Exercise input:

■ ■ ■ ■ ■

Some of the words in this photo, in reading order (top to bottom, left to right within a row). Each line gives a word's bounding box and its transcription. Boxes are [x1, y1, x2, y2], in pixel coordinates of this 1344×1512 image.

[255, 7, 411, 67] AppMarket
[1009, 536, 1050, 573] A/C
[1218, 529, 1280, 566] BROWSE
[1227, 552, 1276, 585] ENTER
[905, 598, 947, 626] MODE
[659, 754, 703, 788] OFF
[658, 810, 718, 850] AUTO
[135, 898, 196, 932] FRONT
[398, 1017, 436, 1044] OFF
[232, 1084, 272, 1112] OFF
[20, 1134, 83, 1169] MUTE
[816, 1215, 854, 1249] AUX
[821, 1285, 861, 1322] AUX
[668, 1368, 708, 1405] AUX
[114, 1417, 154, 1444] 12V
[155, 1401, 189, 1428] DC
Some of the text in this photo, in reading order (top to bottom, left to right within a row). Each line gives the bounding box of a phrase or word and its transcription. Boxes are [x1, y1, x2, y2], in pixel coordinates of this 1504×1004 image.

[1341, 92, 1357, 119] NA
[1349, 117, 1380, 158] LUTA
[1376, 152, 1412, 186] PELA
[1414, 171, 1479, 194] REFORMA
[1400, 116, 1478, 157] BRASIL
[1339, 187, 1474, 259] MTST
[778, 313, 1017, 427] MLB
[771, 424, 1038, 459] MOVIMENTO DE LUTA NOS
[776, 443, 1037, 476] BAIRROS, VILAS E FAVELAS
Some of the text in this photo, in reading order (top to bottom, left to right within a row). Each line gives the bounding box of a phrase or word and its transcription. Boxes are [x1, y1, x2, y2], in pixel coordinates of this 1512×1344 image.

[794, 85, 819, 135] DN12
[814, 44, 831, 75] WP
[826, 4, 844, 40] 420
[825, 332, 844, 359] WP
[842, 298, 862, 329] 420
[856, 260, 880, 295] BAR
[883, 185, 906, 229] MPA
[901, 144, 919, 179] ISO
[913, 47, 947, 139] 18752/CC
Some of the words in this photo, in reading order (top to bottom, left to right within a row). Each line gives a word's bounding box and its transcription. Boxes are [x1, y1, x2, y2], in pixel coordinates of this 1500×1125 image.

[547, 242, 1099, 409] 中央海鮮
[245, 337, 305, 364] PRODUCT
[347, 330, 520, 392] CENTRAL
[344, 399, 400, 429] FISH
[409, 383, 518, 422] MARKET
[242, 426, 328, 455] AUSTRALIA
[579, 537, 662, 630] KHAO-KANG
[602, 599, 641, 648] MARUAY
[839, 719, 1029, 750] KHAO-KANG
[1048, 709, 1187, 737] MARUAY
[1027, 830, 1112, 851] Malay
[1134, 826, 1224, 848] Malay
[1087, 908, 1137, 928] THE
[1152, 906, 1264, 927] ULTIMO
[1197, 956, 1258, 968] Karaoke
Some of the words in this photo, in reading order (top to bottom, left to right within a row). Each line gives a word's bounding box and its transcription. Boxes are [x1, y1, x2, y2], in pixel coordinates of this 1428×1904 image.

■ ■ ■ ■ ■

About this task: Output the records exactly.

The completed task:
Some of the words in this photo, in reading order (top to bottom, left to right within a row). Each line gives a word's bounding box and its transcription. Boxes are [x1, y1, x2, y2], in pixel coordinates of this 1344×1512 image.

[255, 7, 411, 67] AppMarket
[1009, 536, 1050, 573] A/C
[1218, 529, 1280, 566] BROWSE
[1227, 552, 1276, 585] ENTER
[905, 598, 947, 626] MODE
[659, 754, 703, 788] OFF
[658, 810, 718, 850] AUTO
[135, 898, 196, 932] FRONT
[398, 1017, 436, 1044] OFF
[232, 1084, 272, 1112] OFF
[20, 1134, 83, 1169] MUTE
[816, 1215, 854, 1249] AUX
[821, 1285, 861, 1322] AUX
[668, 1368, 708, 1405] AUX
[114, 1417, 154, 1444] 12V
[155, 1401, 189, 1428] DC
Some of the text in this photo, in reading order (top to bottom, left to right within a row). Each line gives the bounding box of a phrase or word and its transcription. Boxes are [x1, y1, x2, y2], in pixel coordinates of this 1504×1004 image.

[1341, 92, 1357, 119] NA
[1349, 117, 1380, 158] LUTA
[1376, 152, 1412, 186] PELA
[1414, 171, 1479, 194] REFORMA
[1400, 116, 1478, 157] BRASIL
[1339, 187, 1474, 259] MTST
[778, 313, 1017, 427] MLB
[771, 424, 1038, 459] MOVIMENTO DE LUTA NOS
[776, 443, 1037, 476] BAIRROS, VILAS E FAVELAS
Some of the text in this photo, in reading order (top to bottom, left to right within a row). Each line gives the bounding box of a phrase or word and its transcription. Boxes are [x1, y1, x2, y2], in pixel coordinates of this 1512×1344 image.

[794, 85, 819, 135] DN12
[814, 44, 831, 75] WP
[826, 4, 844, 40] 420
[825, 332, 844, 359] WP
[842, 298, 862, 329] 420
[856, 260, 880, 295] BAR
[883, 185, 906, 229] MPA
[901, 144, 919, 179] ISO
[913, 47, 947, 139] 18752/CC
Some of the words in this photo, in reading order (top to bottom, left to right within a row). Each line gives a word's bounding box and its transcription. Boxes are [x1, y1, x2, y2], in pixel coordinates of this 1500×1125 image.

[547, 242, 1099, 409] 中央海鮮
[245, 337, 305, 364] PRODUCT
[347, 330, 520, 392] CENTRAL
[344, 399, 400, 429] FISH
[409, 383, 518, 422] MARKET
[242, 426, 328, 455] AUSTRALIA
[579, 537, 662, 630] KHAO-KANG
[602, 599, 641, 648] MARUAY
[839, 719, 1029, 750] KHAO-KANG
[1048, 709, 1187, 737] MARUAY
[1027, 830, 1112, 851] Malay
[1134, 826, 1224, 848] Malay
[1087, 908, 1137, 928] THE
[1152, 906, 1264, 927] ULTIMO
[1197, 956, 1258, 968] Karaoke
Some of the words in this photo, in reading order (top to bottom, left to right within a row). Each line gives a word's bounding box and its transcription. Boxes are [x1, y1, x2, y2], in pixel coordinates of this 1428×1904 image.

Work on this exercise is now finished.